- _Extracted records_
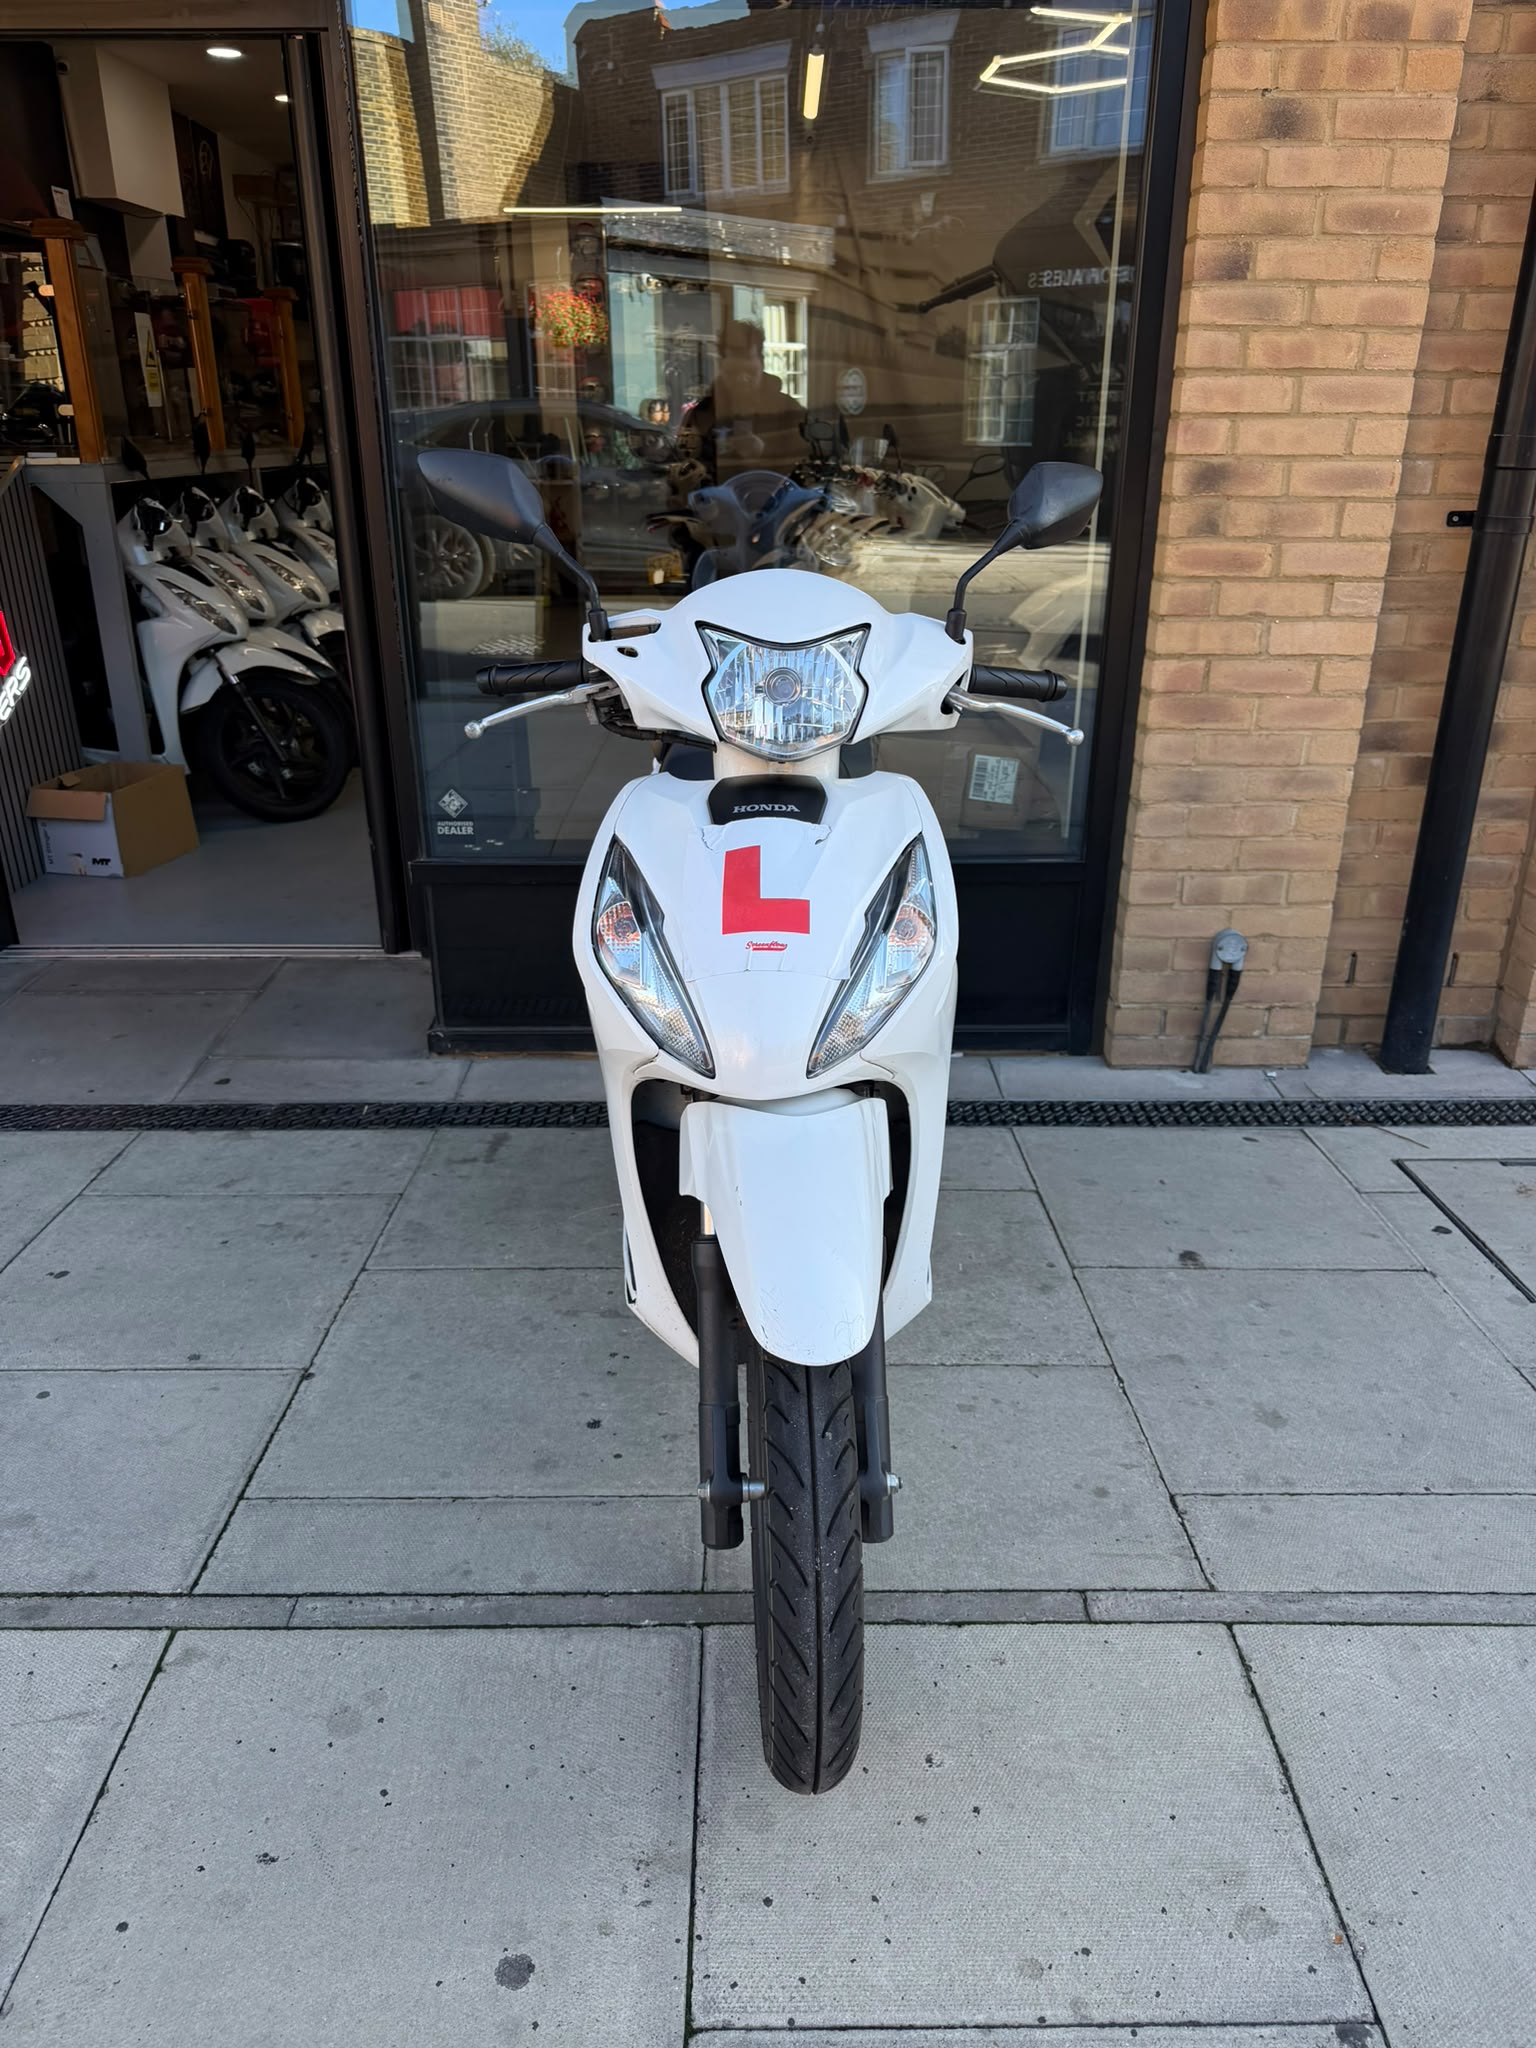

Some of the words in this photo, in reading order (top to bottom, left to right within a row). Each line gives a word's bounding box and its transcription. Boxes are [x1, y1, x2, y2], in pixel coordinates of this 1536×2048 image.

[733, 804, 800, 813] HONDA
[437, 827, 474, 835] DEALER
[92, 858, 111, 866] MT
[722, 845, 810, 934] L
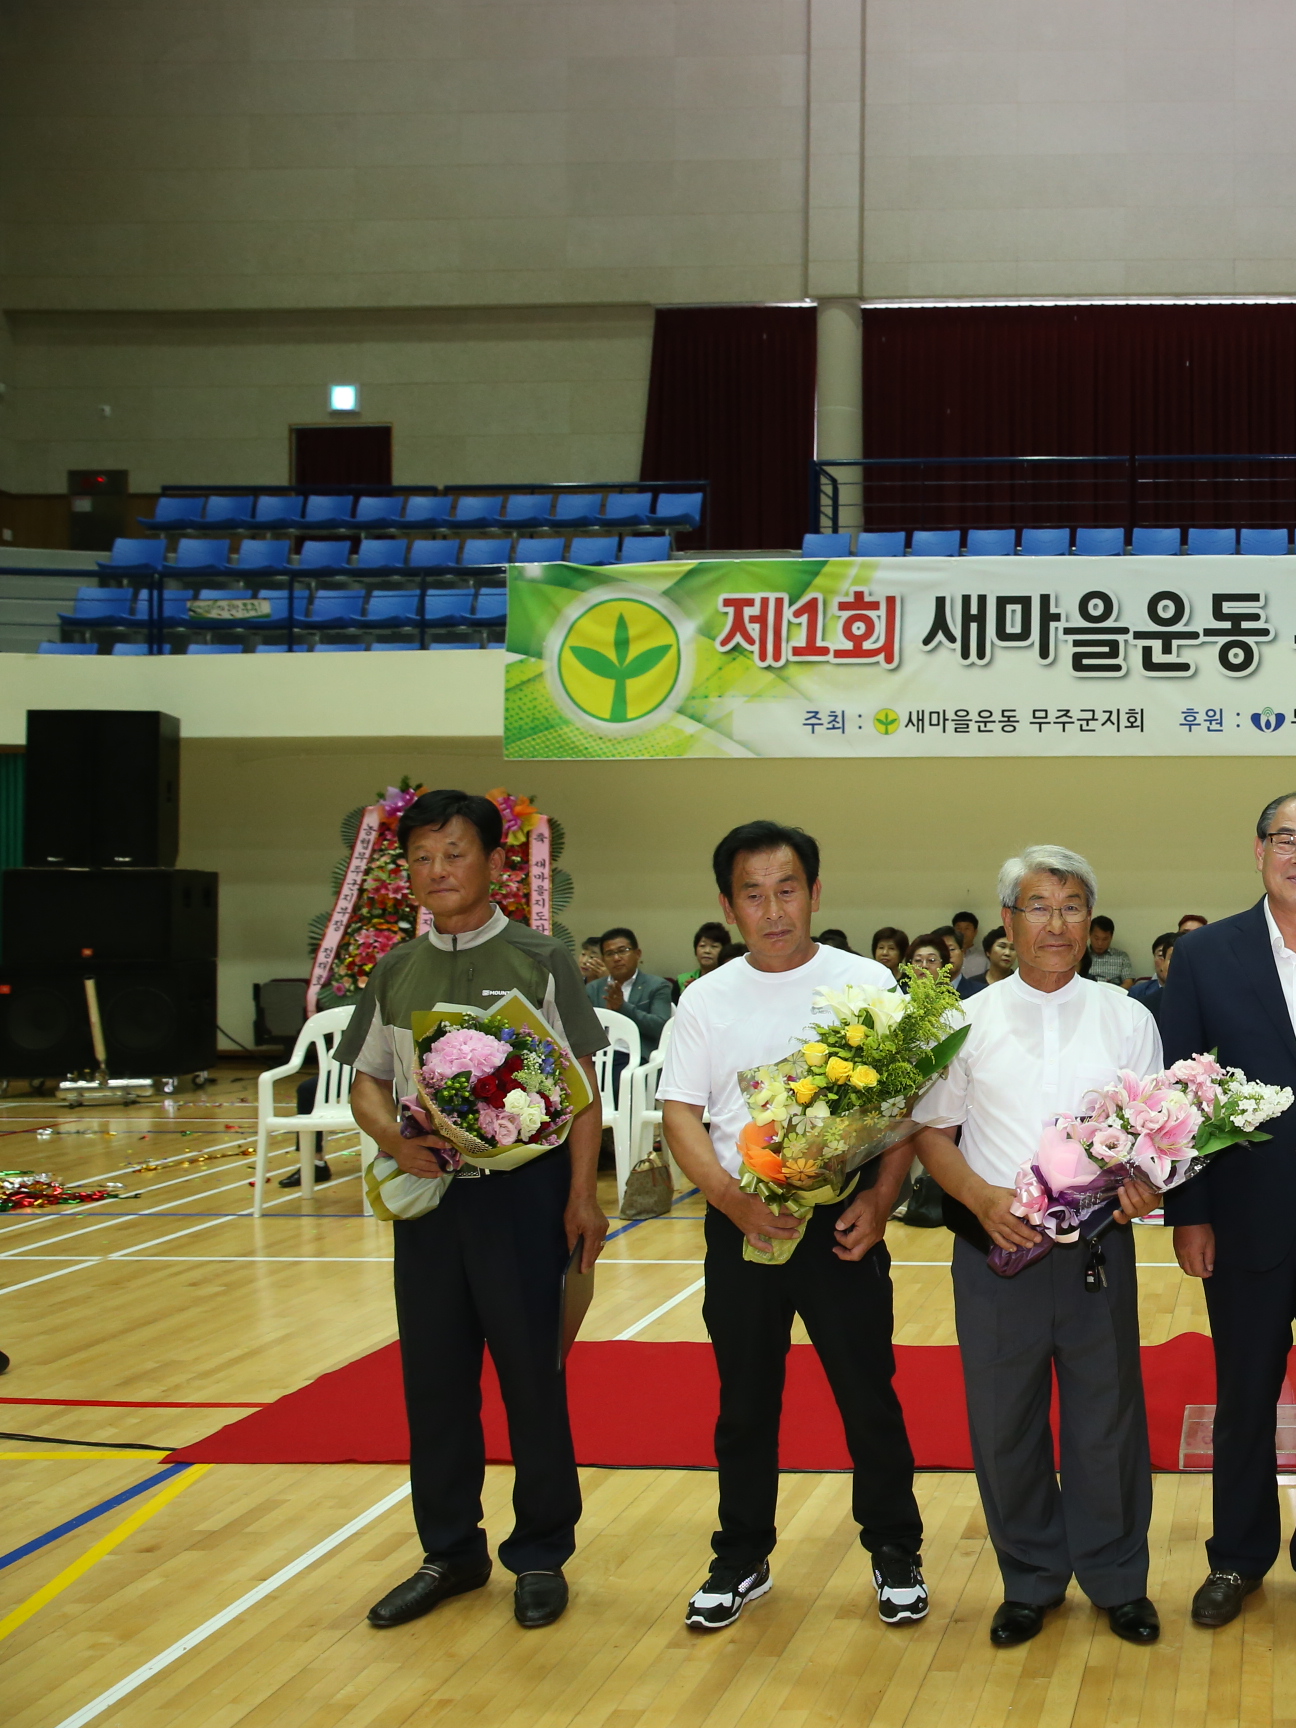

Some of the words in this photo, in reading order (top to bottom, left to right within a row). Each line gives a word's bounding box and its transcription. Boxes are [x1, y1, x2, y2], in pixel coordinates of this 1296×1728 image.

[720, 591, 898, 665] 제1회
[923, 590, 1270, 674] 새마을운동
[802, 710, 845, 735] 주최
[904, 708, 1020, 734] 새마을운동
[1028, 708, 1145, 734] 무주군지회
[1178, 708, 1224, 734] 후원

- _Your goal_
Restate every record above word for word, without images.

- _Your response_
Some of the words in this photo, in reading order (top to bottom, left to right within a row). Each line gives a word's bounding box and its transcription. Boxes are [x1, y1, x2, y2], in pixel coordinates of this 1536×2048 image.

[733, 804, 800, 813] HONDA
[437, 827, 474, 835] DEALER
[92, 858, 111, 866] MT
[722, 845, 810, 934] L

Some of the words in this photo, in reading order (top to bottom, left to right within a row). Each line gives a word's bounding box and its transcription. Boxes are [x1, y1, x2, y2], in pixel coordinates of this 1296×1728 image.

[720, 591, 898, 665] 제1회
[923, 590, 1270, 674] 새마을운동
[802, 710, 845, 735] 주최
[904, 708, 1020, 734] 새마을운동
[1028, 708, 1145, 734] 무주군지회
[1178, 708, 1224, 734] 후원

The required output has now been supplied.